III.     Comparative Data.

         A.    Data Selection Factors. Generally, because of the dearth of U. S.
               companies that compete directly with RTI and because managerial
               talent can be found in organizations other than directly
               competing companies, the compensation data selected for use in
               company and/or individual position comparisons will include
               information on a broad group of U. S. industrial companies
               similar to RTI. The primary determinant of similarity will be
               sales volume; however, when available, other measures of "size",
               such as assets, total capital, total market value, and number of
               employees, will also be included. When appropriate and available,
               data specific to the metals industry or a specific position will
               be used.

         B.    Sources of Comparative Data. Compensation data used in
               comparisons will be obtained from nationally recognized
               compensation consulting firms, such as William M. Mercer, Hay
               Management Consultants, Hewitt Associates,

<PAGE>

                                      -6-

               Towers Perrin, or such other sources as are approved by the
               Chairman of the Board of Directors.

IV.      Benefits. The objective in providing benefits for RTI's officers will
         be to deliver adequate benefits in the most effective way possible.

V.       Perquisites. Perquisites, which will not be emphasized, will be
         reviewed in their entirety by the Board of Directors from time to time.

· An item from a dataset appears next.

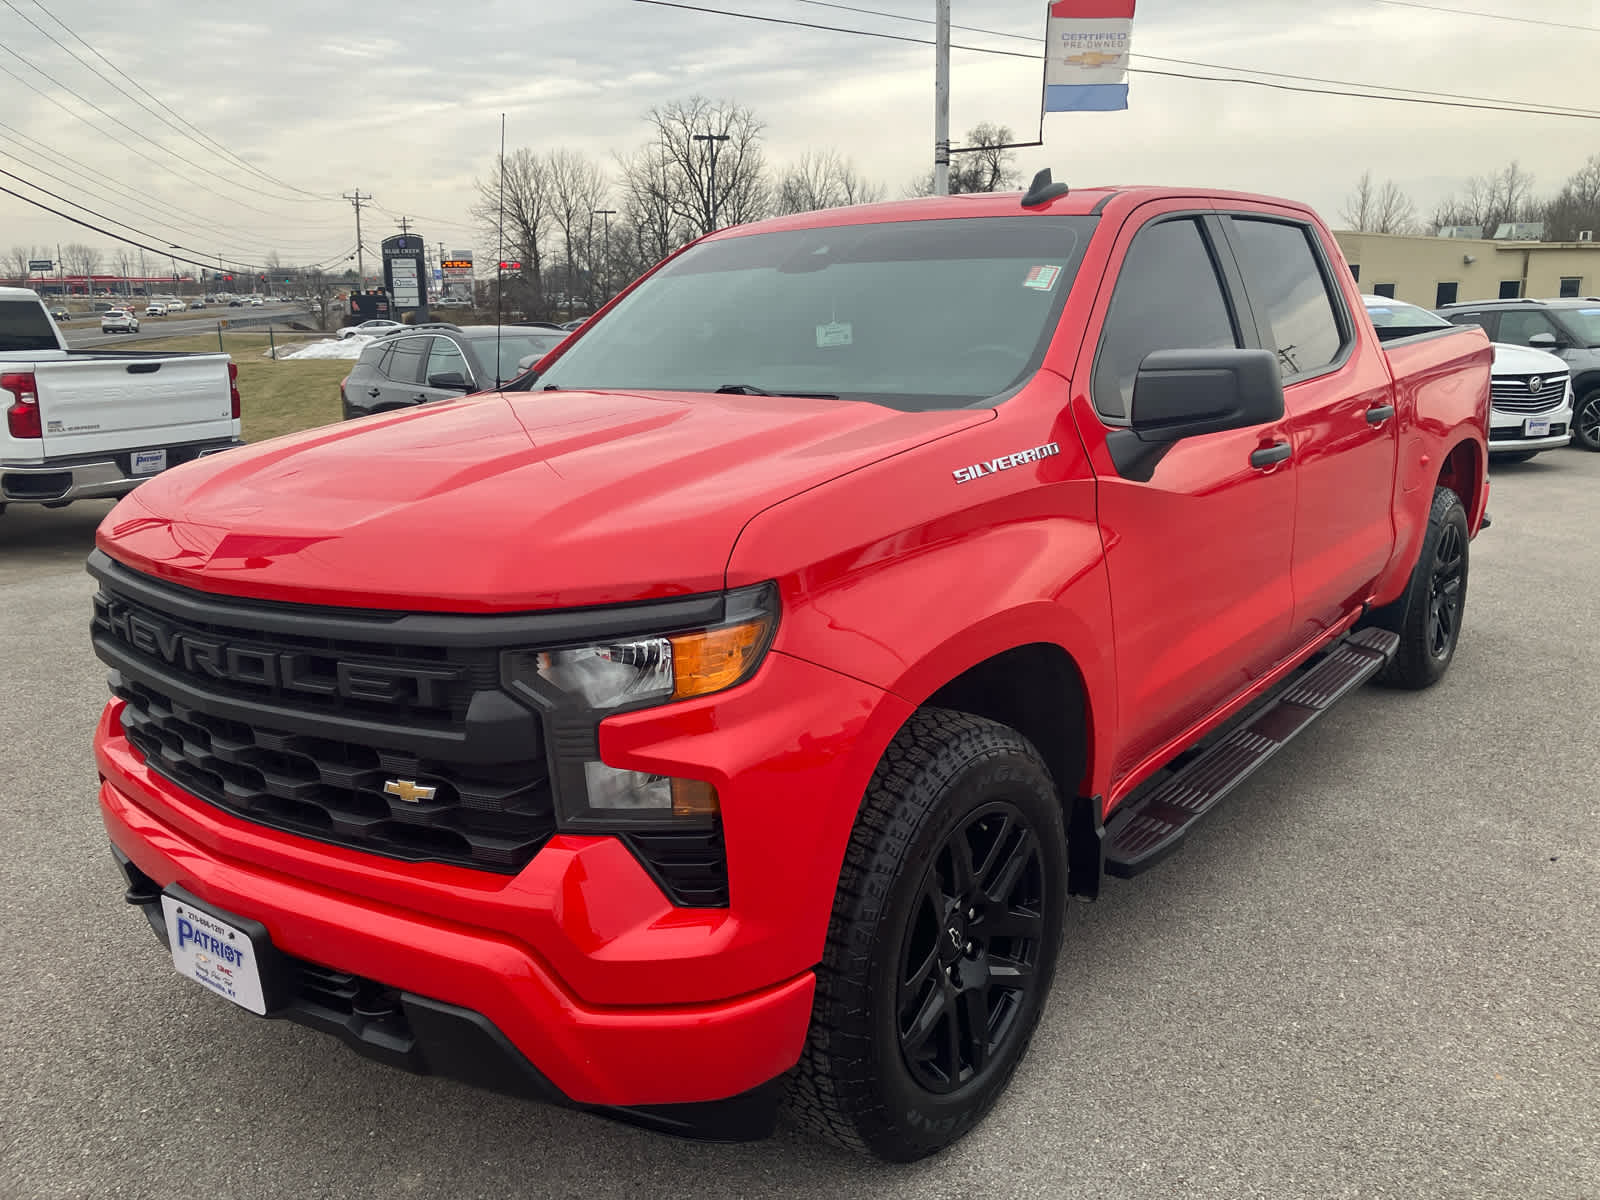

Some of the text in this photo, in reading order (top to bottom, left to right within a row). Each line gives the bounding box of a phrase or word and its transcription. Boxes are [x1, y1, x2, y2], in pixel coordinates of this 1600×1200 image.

VI.      Stock Ownership Guidelines. Each officer will be expected to maintain a
         meaningful equity position in the company's stock. The Board of
         Directors may establish target ownership levels for officers from time
         to time.

VII.     Capital Accumulation/Estate Planning. In designing and administering
         compensation programs, consideration will be given to provisions that
         accommodate the capital accumulation and estate planning objectives of
         officers.

VIII.    Tax/Legal/Accounting Factors. The restrictions imposed by taxing
         authorities, laws and required accounting treatments will be considered
         in the design and administration of compensation programs. These will
         be balanced by the desirability of preserving, to the degree possible,
         the Board's decision-making flexibility.

IX.      Decision-Making Authority. The Board of Directors will monitor and
         review officer compensation programs, in aggregate, to ensure
         consistency with the overall compensation philosophy and guiding
         principles. The Board will approve the salaries of the individuals
         holding the positions described herein as officers and will have
         authority, with respect to incentives and benefits, as is described in
         the relevant plan or program.